WHAT THIS TASK INVOLVES: Your answer should be the records again, unchanged in wording and free of images.

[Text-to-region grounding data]
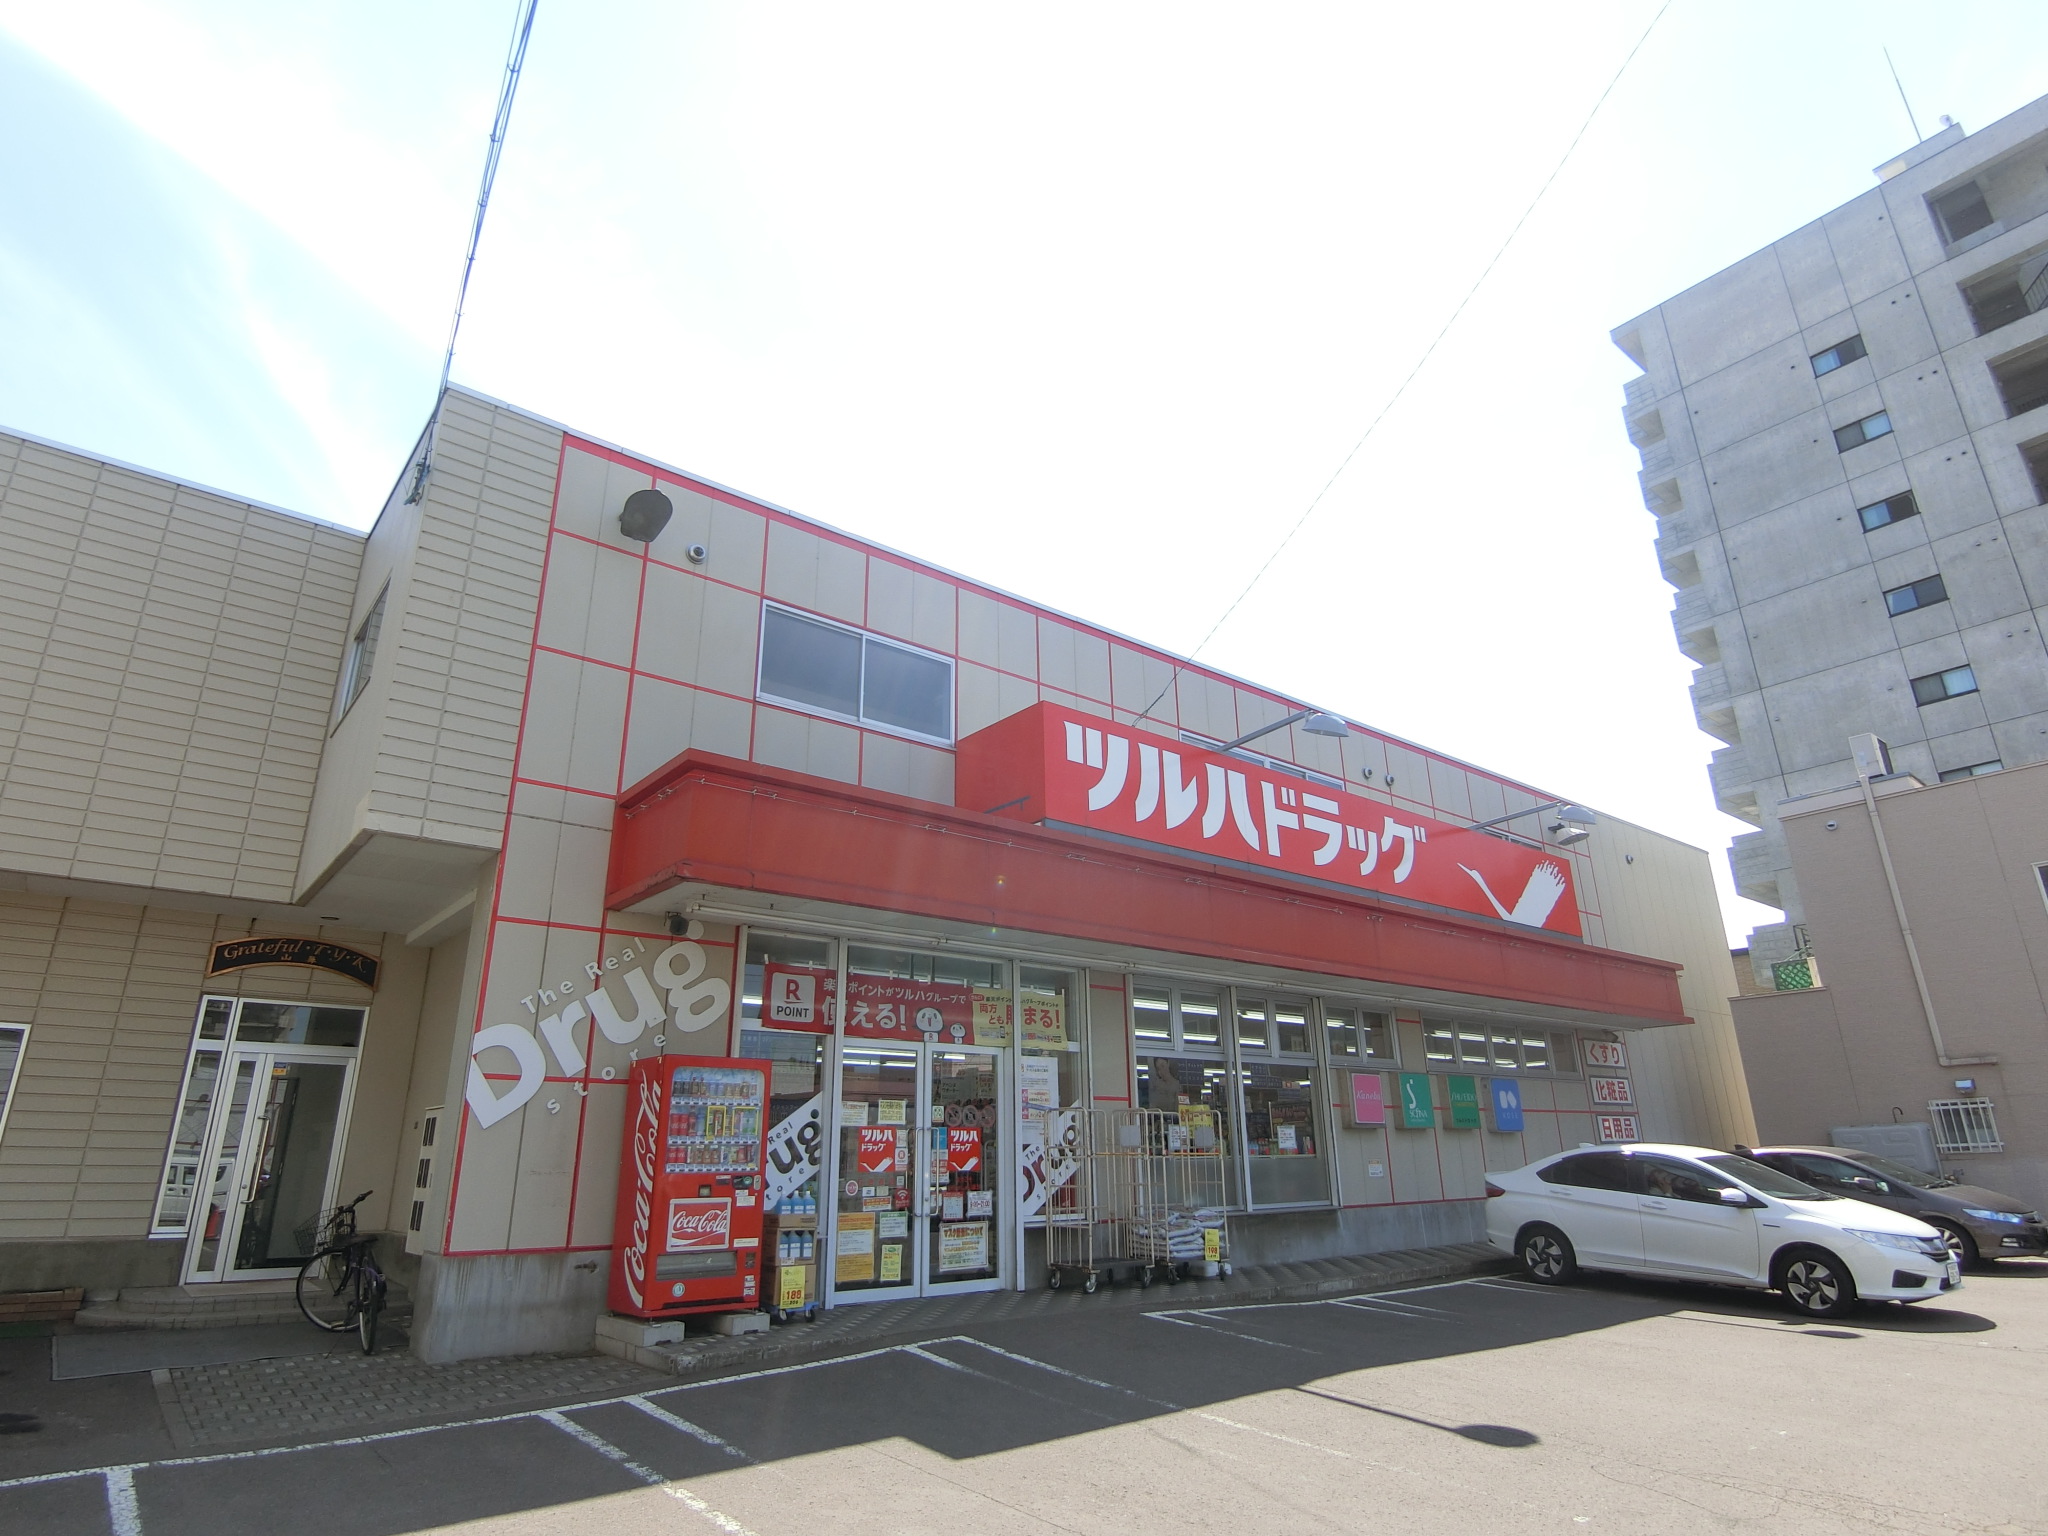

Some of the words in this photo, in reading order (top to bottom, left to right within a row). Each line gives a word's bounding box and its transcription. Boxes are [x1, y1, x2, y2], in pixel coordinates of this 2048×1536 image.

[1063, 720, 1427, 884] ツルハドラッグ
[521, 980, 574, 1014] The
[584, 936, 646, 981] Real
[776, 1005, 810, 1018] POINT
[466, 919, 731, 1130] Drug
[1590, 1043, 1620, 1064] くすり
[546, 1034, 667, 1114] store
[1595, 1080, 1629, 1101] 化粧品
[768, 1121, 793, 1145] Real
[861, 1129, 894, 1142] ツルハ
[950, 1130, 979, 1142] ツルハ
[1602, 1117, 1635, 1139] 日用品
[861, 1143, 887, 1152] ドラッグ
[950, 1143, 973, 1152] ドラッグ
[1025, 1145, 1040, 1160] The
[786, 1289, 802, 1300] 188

TASK RESULT:
Some of the words in this photo, in reading order (top to bottom, left to right within a row). Each line gives a word's bounding box and its transcription. Boxes are [x1, y1, x2, y2], in pixel coordinates of this 2048×1536 image.

[1063, 720, 1427, 884] ツルハドラッグ
[521, 980, 574, 1014] The
[584, 936, 646, 981] Real
[776, 1005, 810, 1018] POINT
[466, 919, 731, 1130] Drug
[1590, 1043, 1620, 1064] くすり
[546, 1034, 667, 1114] store
[1595, 1080, 1629, 1101] 化粧品
[768, 1121, 793, 1145] Real
[861, 1129, 894, 1142] ツルハ
[950, 1130, 979, 1142] ツルハ
[1602, 1117, 1635, 1139] 日用品
[861, 1143, 887, 1152] ドラッグ
[950, 1143, 973, 1152] ドラッグ
[1025, 1145, 1040, 1160] The
[786, 1289, 802, 1300] 188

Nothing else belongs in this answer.